→ **DESCRIPTION OF THE TASK**: Each line of the data must be given back verbatim, with pictures removed.

GIVEN RECORDS below:

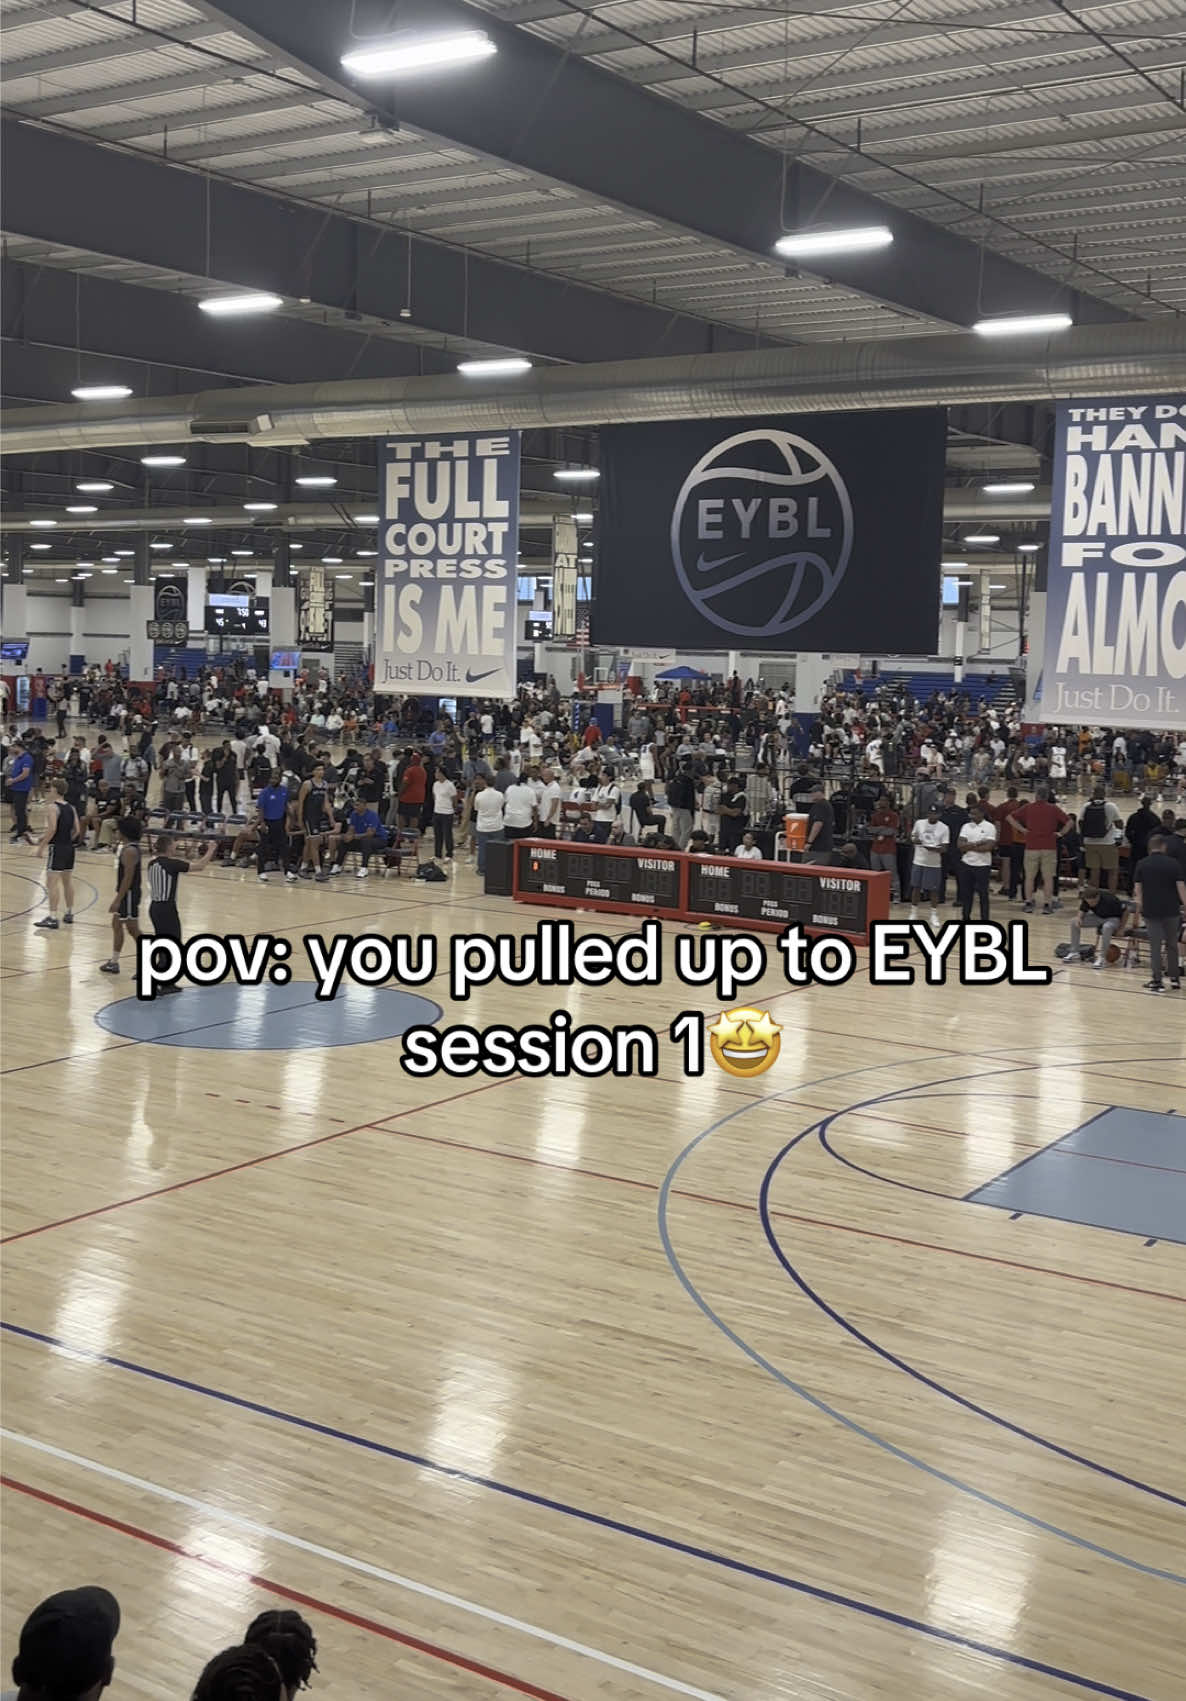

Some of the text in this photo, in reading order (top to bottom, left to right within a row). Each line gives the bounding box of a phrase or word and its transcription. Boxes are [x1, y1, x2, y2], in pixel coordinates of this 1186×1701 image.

[1068, 406, 1148, 422] THEY
[386, 437, 510, 459] THE
[1066, 422, 1186, 452] HAN
[385, 458, 510, 520] FULL
[1063, 451, 1186, 536] BANN
[698, 496, 832, 540] EYBL
[385, 522, 509, 556] COURT
[1061, 541, 1186, 567] FO
[384, 558, 508, 579] PRESS
[383, 583, 423, 654] IS
[434, 585, 507, 656] ME
[382, 659, 461, 684] Just Do It.
[1053, 682, 1180, 713] Just Do It.
[530, 847, 557, 860] HOME
[637, 857, 675, 872] VISITOR
[700, 864, 731, 878] HOME
[819, 877, 861, 892] VISITOR
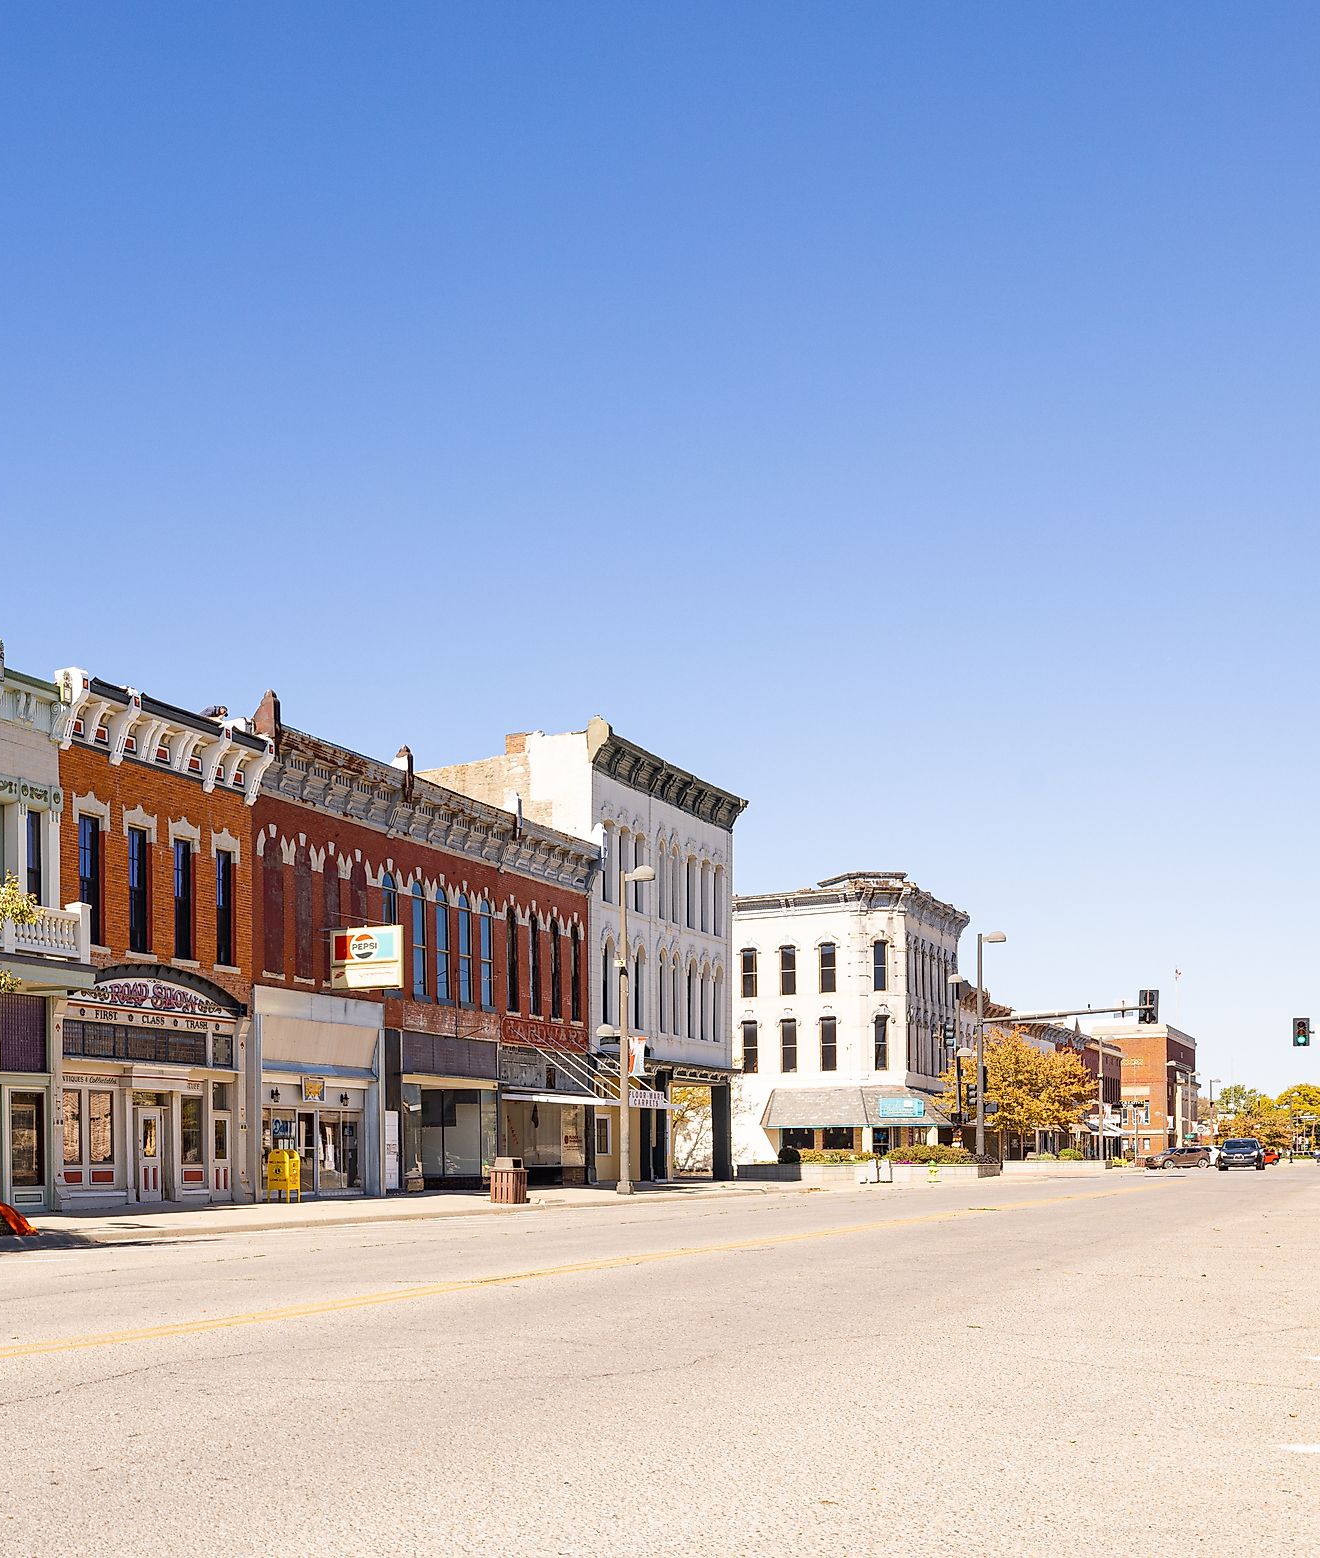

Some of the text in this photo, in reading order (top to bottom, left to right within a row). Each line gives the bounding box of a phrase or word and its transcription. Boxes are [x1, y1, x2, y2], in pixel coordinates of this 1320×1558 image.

[352, 942, 378, 950] PEPSI
[109, 982, 199, 1013] ROAD SHOW
[95, 1010, 208, 1030] FIRST CLASS TRASH
[634, 1099, 659, 1107] CARPETS
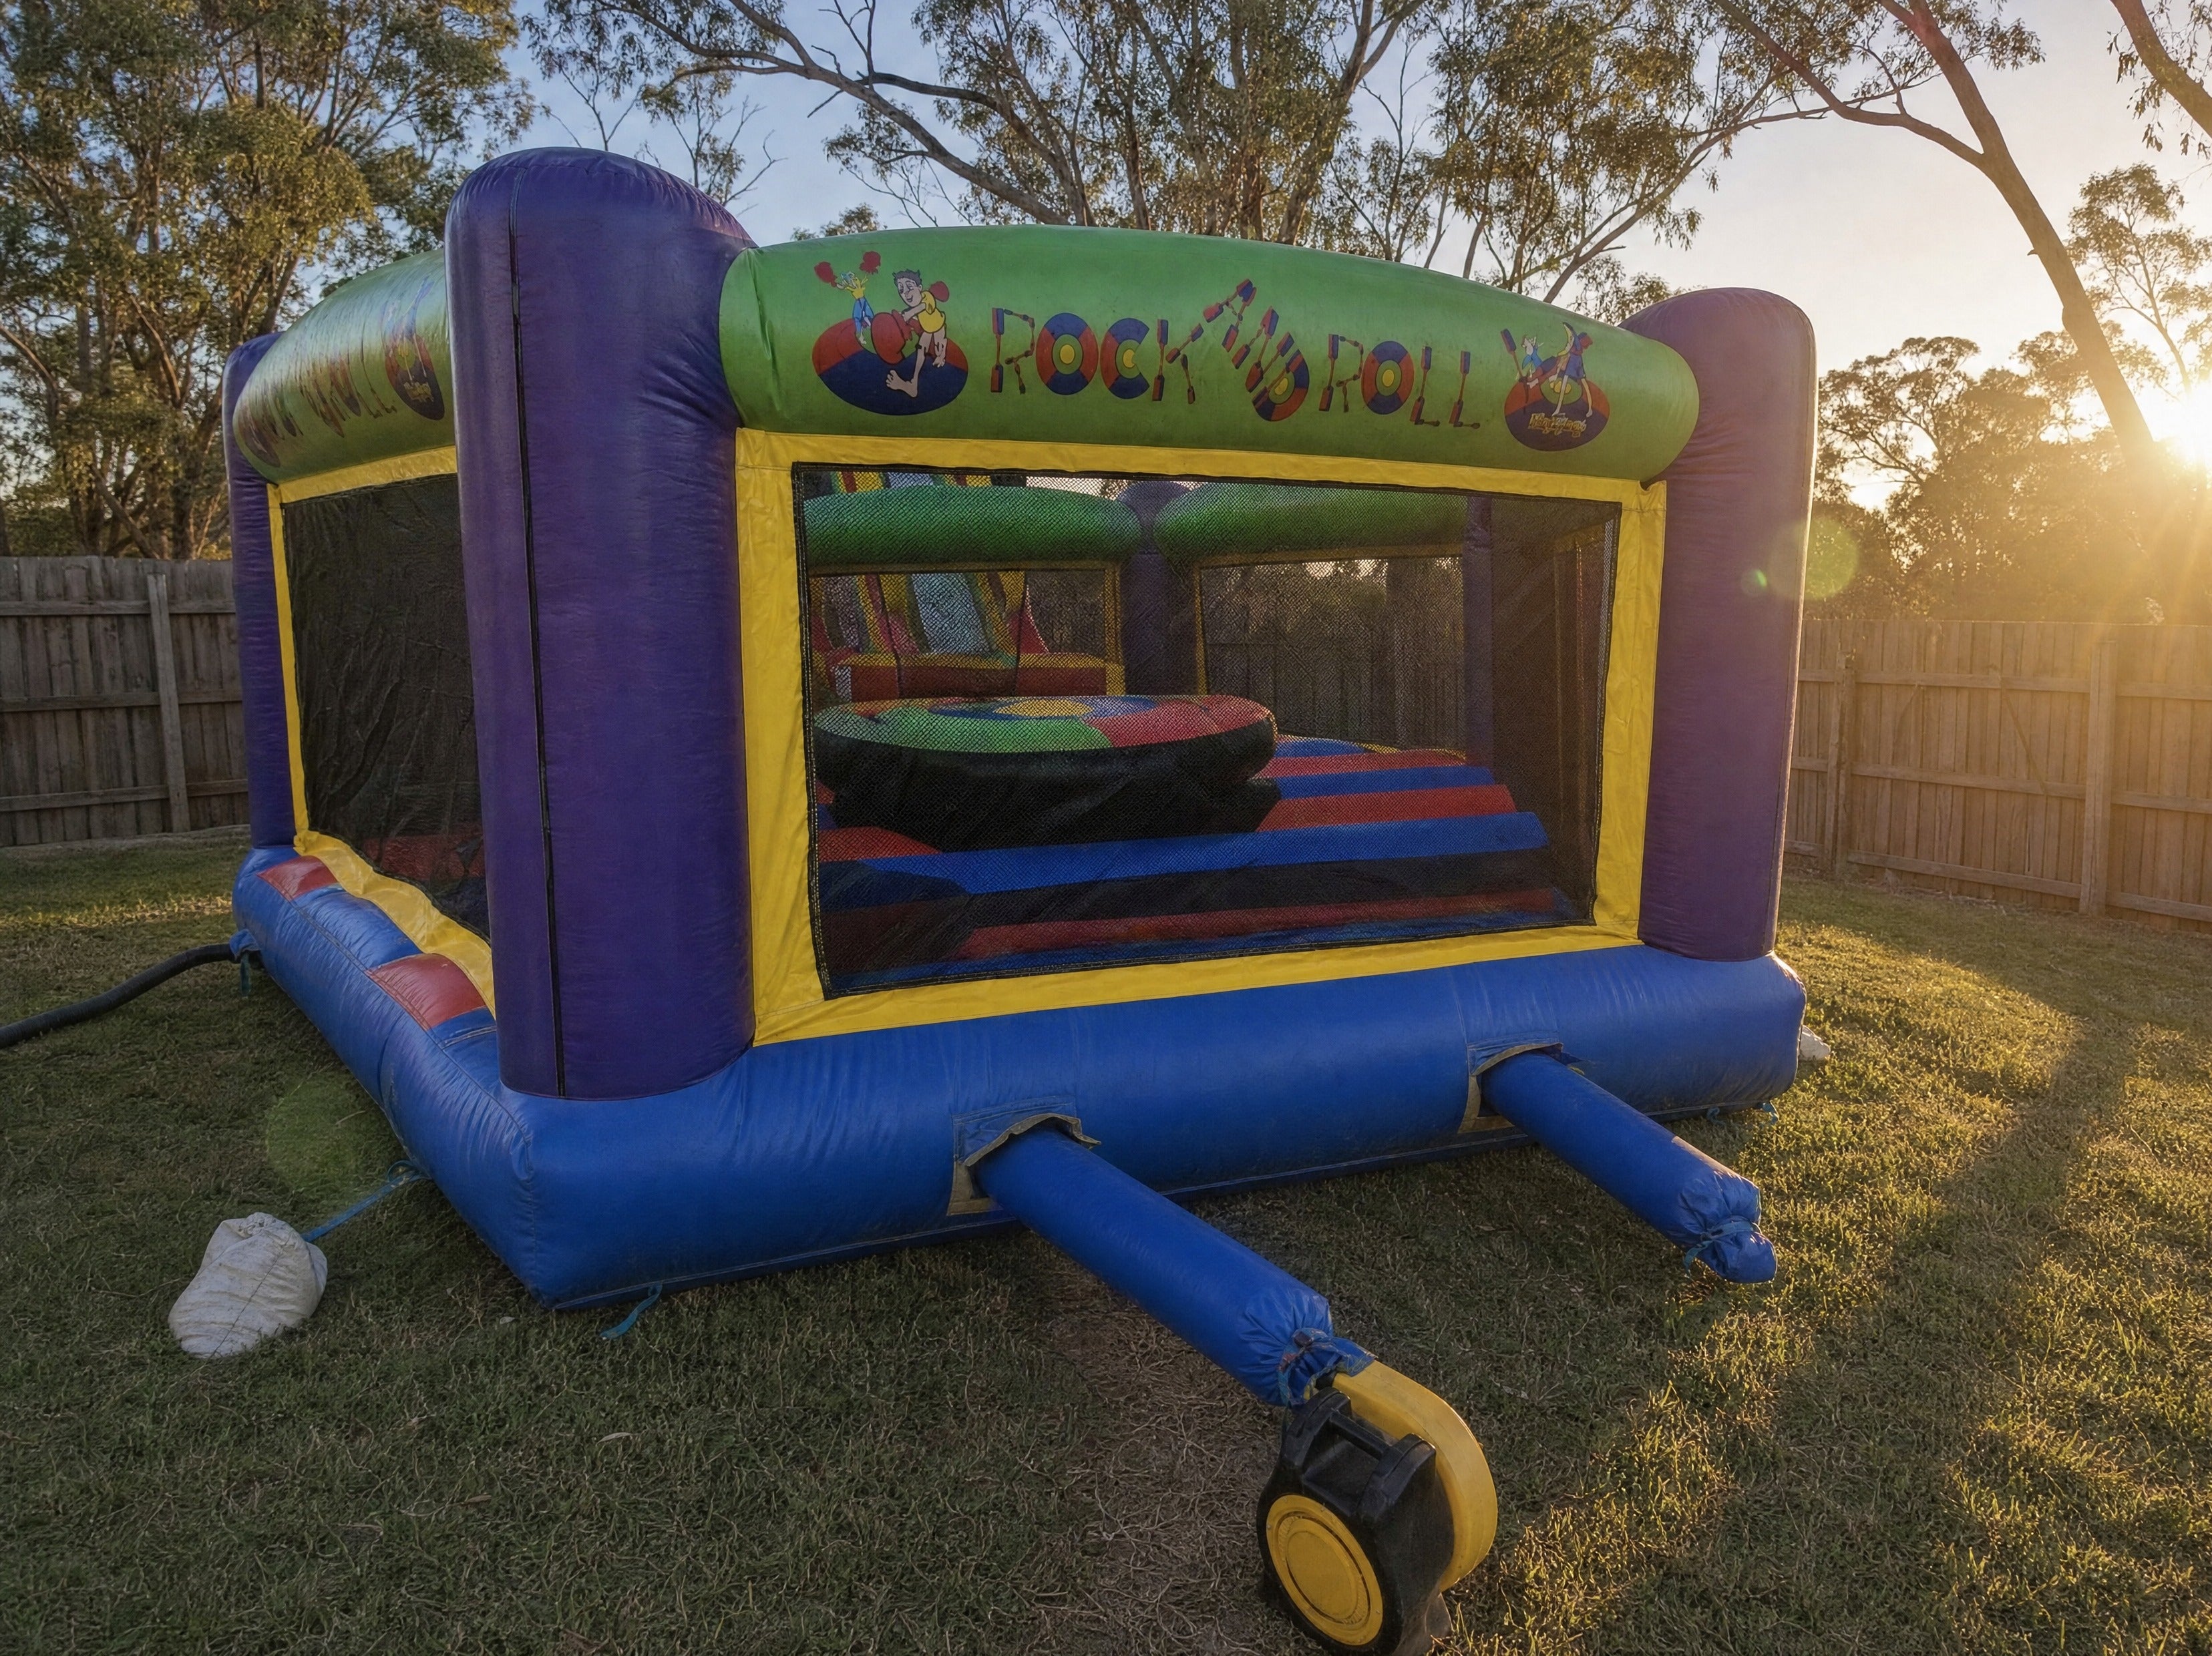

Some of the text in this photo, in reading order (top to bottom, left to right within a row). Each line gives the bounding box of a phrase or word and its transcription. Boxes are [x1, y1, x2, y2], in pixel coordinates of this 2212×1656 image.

[990, 278, 1481, 427] ROCK AND ROLL

End of GIVEN RECORDS.

→ **FINISHED EXERCISE**:
Some of the text in this photo, in reading order (top to bottom, left to right within a row). Each line gives the bounding box of a phrase or word and its transcription. Boxes are [x1, y1, x2, y2], in pixel coordinates of this 1186×1701 image.

[1068, 406, 1148, 422] THEY
[386, 437, 510, 459] THE
[1066, 422, 1186, 452] HAN
[385, 458, 510, 520] FULL
[1063, 451, 1186, 536] BANN
[698, 496, 832, 540] EYBL
[385, 522, 509, 556] COURT
[1061, 541, 1186, 567] FO
[384, 558, 508, 579] PRESS
[383, 583, 423, 654] IS
[434, 585, 507, 656] ME
[382, 659, 461, 684] Just Do It.
[1053, 682, 1180, 713] Just Do It.
[530, 847, 557, 860] HOME
[637, 857, 675, 872] VISITOR
[700, 864, 731, 878] HOME
[819, 877, 861, 892] VISITOR

Some of the text in this photo, in reading order (top to bottom, left to right within a row). Each line gives the bounding box of a phrase or word and its transcription. Boxes are [x1, y1, x2, y2], in pixel coordinates of this 1320×1558 image.

[352, 942, 378, 950] PEPSI
[109, 982, 199, 1013] ROAD SHOW
[95, 1010, 208, 1030] FIRST CLASS TRASH
[634, 1099, 659, 1107] CARPETS

Some of the text in this photo, in reading order (top to bottom, left to right within a row). Each line gives the bounding box of a phrase or word and its transcription. Boxes are [x1, y1, x2, y2], in pixel coordinates of this 2212×1656 image.

[990, 278, 1481, 427] ROCK AND ROLL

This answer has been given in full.